菊:あるよ。ホノルルにも「HawaiiSlam」http://www.hawaiislam.com/ っていう、そのまんまだけど。確か第一木曜日に毎月やってるみたい。行った事がまだないんだけど、写真で見るかぎり結構人が来てるみたい。 

三:ハワイ島の4thFridayには何人くらい来てるの? 

菊:出演者が12人くらいで、お客さん合わせて25人くらいかなあ? 

三:あ、じゃあ日本のポエトリーイベントとかと割と似たような規模なのかな。PSJとかはもっと大きいけどさ。オープンマイクのイベントとかと規模は似てるね。会場はどんなところでやってるの? 

菊:Kukuau Studioっていうスタジオがあって、アトリエっぽいというか、日本のスタジオみたいな感じじゃなくて、ドアとか開きっぱなしで…

三:日本じゃめっちゃ怒られちゃう(笑) 

菊:防音室じゃないし 

三:音に関しては寛容? 

菊:他のライブでも、夜でもダウンタウンの中にある店で野外ステージでやっていたり、金曜や土曜の夜はどこかの家の庭でウクレレ弾いて歌う人がいたり・・・


三:お国柄的な 

菊:お昼時になると、車みたいな芝刈り機で…わかる? 

三:めっちゃアメリカ!なやつだ! 

菊:すっごい、うるさくて(笑) 

三:そうなんだ。最初の頃とかストレス感じなかった?うるせー!って(笑) 

菊:それは大丈夫だったかなあ。ストレス感じてもしょうがない、ってのもあるし。 
行く時に、英語の勉強をします、とかあらかじめ文化を調べます、とか事前準備をせずにやってきたから、逆に何があってもこんなもんなんだって。
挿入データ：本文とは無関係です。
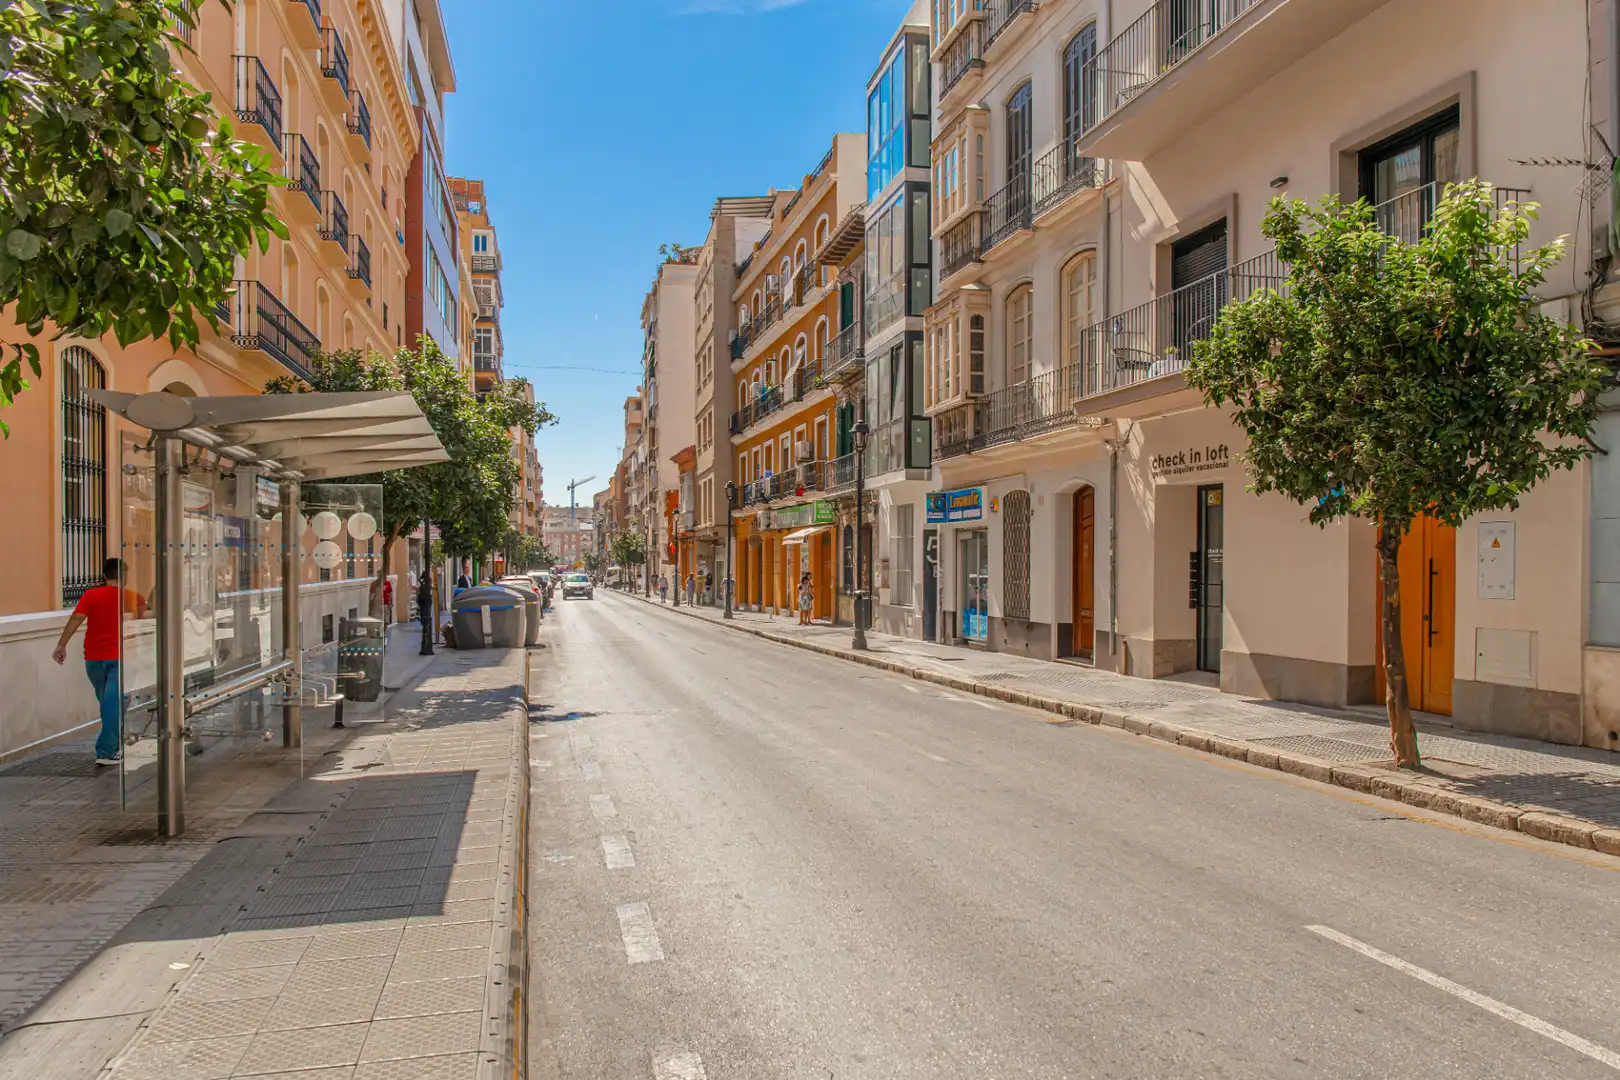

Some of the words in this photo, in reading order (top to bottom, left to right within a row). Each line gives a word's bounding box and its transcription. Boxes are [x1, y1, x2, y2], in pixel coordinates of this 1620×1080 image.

[1152, 451, 1186, 469] check
[1190, 447, 1201, 464] in
[1206, 444, 1229, 461] loft
[1196, 461, 1229, 471] vacacional
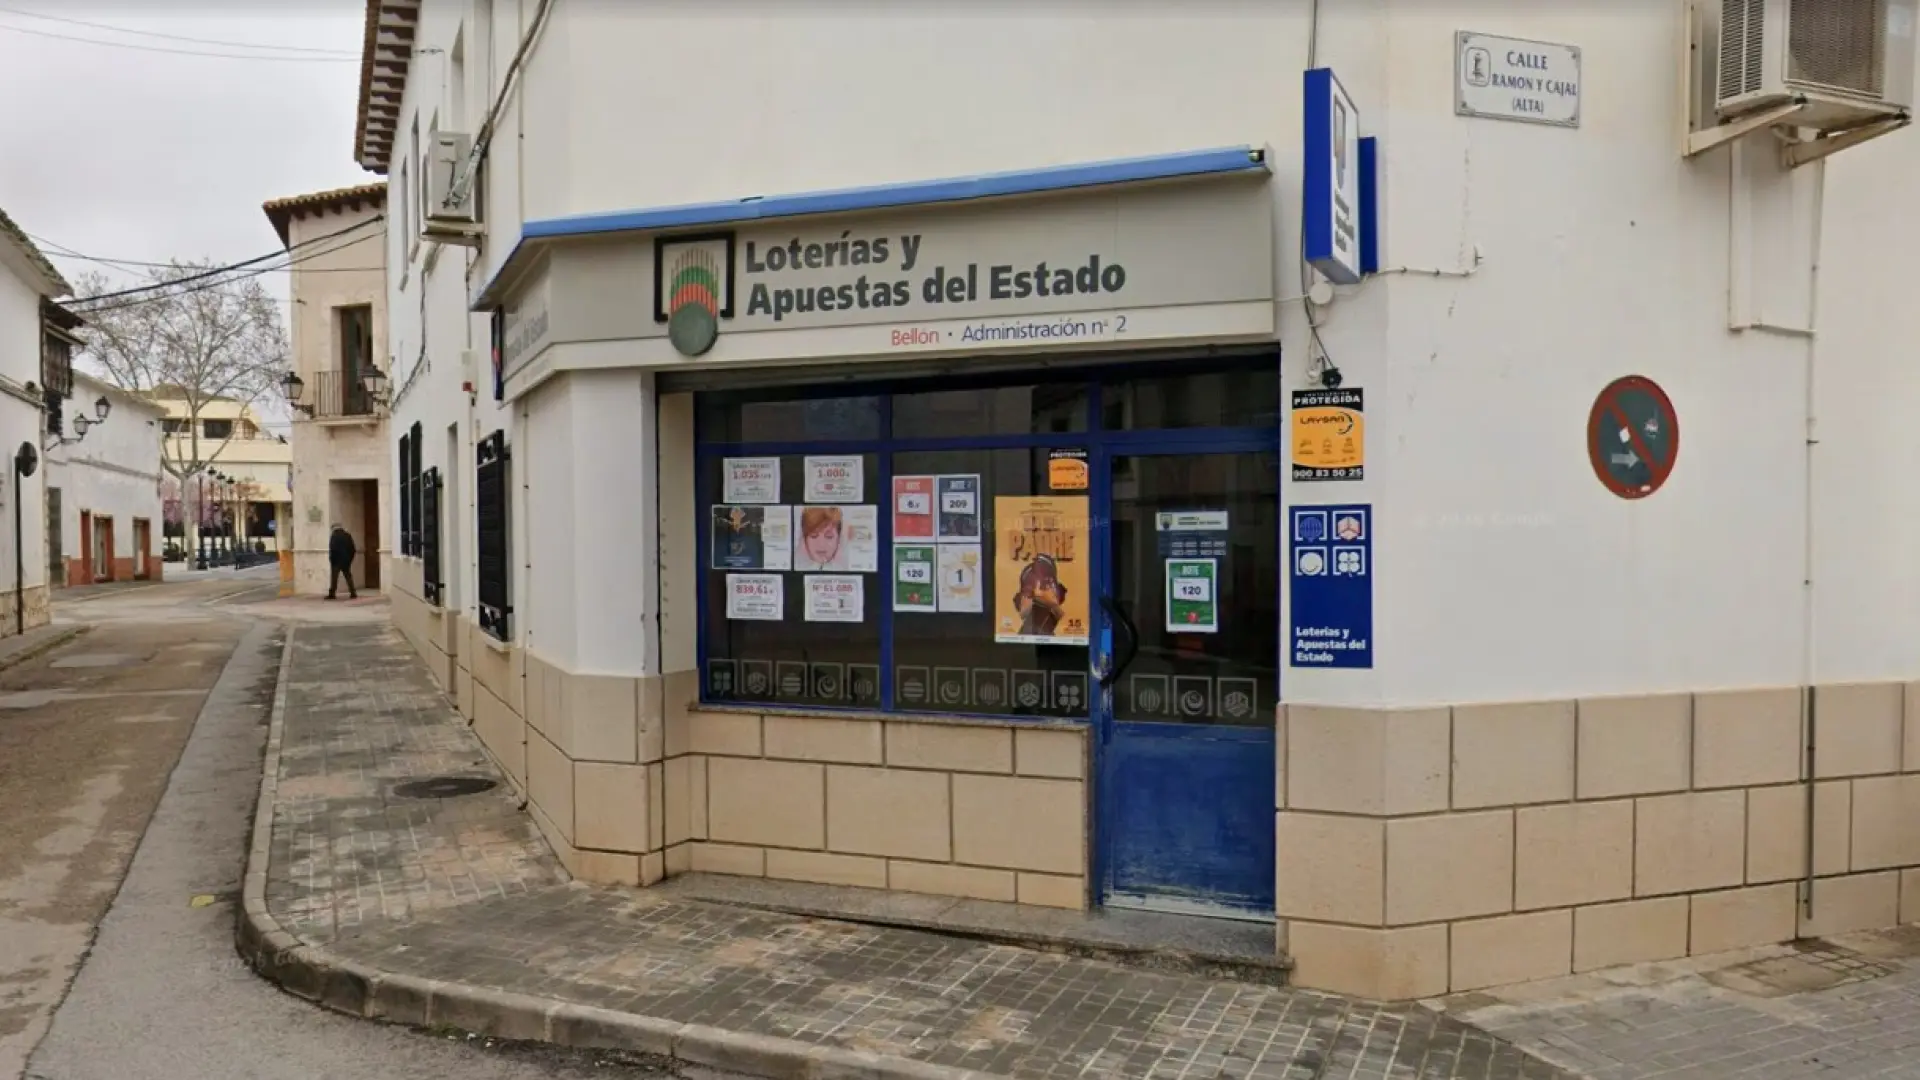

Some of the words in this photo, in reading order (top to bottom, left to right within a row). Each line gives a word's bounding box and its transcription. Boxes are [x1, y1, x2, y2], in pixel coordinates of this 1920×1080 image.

[1506, 50, 1548, 70] CALLE
[1491, 73, 1534, 90] RAMON
[1537, 79, 1544, 92] Y
[1546, 79, 1577, 96] CAJAL
[1512, 97, 1545, 114] (ALTA)
[746, 230, 890, 273] Loterías
[901, 234, 922, 271] y
[747, 274, 911, 321] Apuestas
[922, 264, 977, 304] del
[990, 254, 1126, 300] Estado
[961, 318, 1086, 342] Administración
[1116, 315, 1127, 333] 2
[1294, 395, 1361, 405] PROTEGIDA
[1299, 415, 1345, 425] LAYSAN
[1293, 469, 1313, 479] 900
[1315, 469, 1329, 477] 83
[1332, 469, 1346, 477] 50
[1349, 468, 1362, 477] 25
[955, 567, 964, 583] 1
[1181, 585, 1202, 596] 120
[1295, 626, 1340, 637] Loterías
[1342, 629, 1350, 639] y
[1296, 639, 1347, 651] Apuestas
[1348, 639, 1366, 650] del
[1296, 651, 1334, 662] Estado
三:なるほどね。知識を入れすぎてないぶん、こういうもんかーって。すごいね!そうやって人間は適応していくんだなあ。

菊:適応できないとノイローゼになっちゃうもんね。 

三:そうだよなぁ・・・話は戻るけど、イベントはスタジオで行われている、と。

菊:これステージ。あとで写真送るね。ここは絵画教室とかもやってて、そういう関係で地元の人が描いたみたい。




三:あー素敵。なんかアメリカというか、外国を感じる。 

菊:街中にはこんな素敵な絵が描いてある建物があるよ 

三:ひゃーめっちゃおしゃれ!日本では、無い感じだね。好き。これ見てハワイ住みたいってなる人いるよきっと。

菊:あはは

三:そんな素敵なスタジオでやってるんだね。イベントはどう?日本と雰囲気違う?

菊:ノリがやっぱりちがう。

三:だろうなあ。フーフー!!みたいな

菊:そう、歓声があがる。あと村田活彦さんが前言ってたけどこれもやってた(指を鳴らす)
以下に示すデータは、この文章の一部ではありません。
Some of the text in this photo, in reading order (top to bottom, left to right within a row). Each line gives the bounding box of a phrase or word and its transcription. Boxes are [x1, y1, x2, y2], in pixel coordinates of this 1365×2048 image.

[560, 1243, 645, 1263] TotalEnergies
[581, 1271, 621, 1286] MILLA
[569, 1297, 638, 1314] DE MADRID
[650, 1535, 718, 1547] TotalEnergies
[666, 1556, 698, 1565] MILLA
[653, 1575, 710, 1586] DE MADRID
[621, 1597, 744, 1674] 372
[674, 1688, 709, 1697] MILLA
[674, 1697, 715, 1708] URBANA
三:海外、フランスとかアメリカとか、ポエトリーの演目中に拍手をするのは音が邪魔になるから、代わりに指を鳴らすと。

菊:ハワイの12月のスラムでもやってた。

三:日本ではまったく定着してないけど、ハワイでも確認された!今から練習しとこうかな(笑)

三:ハワイのポエトリーはいつから行き始めたの?

菊:2015年の10月くらいからかな

三:じゃあ顔出すようになって結構経ったんだね。

菊:でもね、フラの習い事とちょっとかぶってて(笑)あと夜にダウンタウンを出歩くと危ないっちゃ危ないから・・・

三:自然豊かなハワイ島でも、治安悪い所はある、と。

菊:うん、悪い所はある。知り合いが、夜歩いてたらどっかの家からビール瓶投げ付けられたって。

三:あはは、まじか(笑)

菊:一人で夜歩いちゃいけないって現地の人も言ってるね。スタジオは駐車場が併設してるからまあ安心なんだけど・・・

三:そっか、ハワイの治安って考えたこともなかったけど、外国だもんね。

菊:そうだねえ

三:フラを習ってるってことだけど、現地の人わりとみんな踊れるの?

菊:そうでもないんだけど、やってるひとは小さい頃からやってて、もう40年やってますみたいな。

三:そっか。地域に根付いた、大切な踊りだもんね。

菊:この間面白いことがあって、教会のクリスマスイブの礼拝でクリスマスソングのピアノ伴奏をしたんだけど、座ってる中から一人おもむろに立って、みんなの前に出て踊り始めて。

三:フラッシュモブみたいな!仕込みではなく。

菊:うん。それが普通みたいな。あ、フラの団体って「ハラウ」っていうんだけど

三:ハラウ?

菊:うん。ハラウは毎年クリスマスパーティーをやるんだけど、ホテルのディナー会場で他のお客さんもいる中で突然ウクレレを鳴らしベース鳴らし我々は踊る、みたいな。

三:うわーいいな!そういうの好き。

菊:おおらかで良いよね。お弁当屋さんとか行ったら奥でお弁当作ってる人が急に歌いだしたりするからさ。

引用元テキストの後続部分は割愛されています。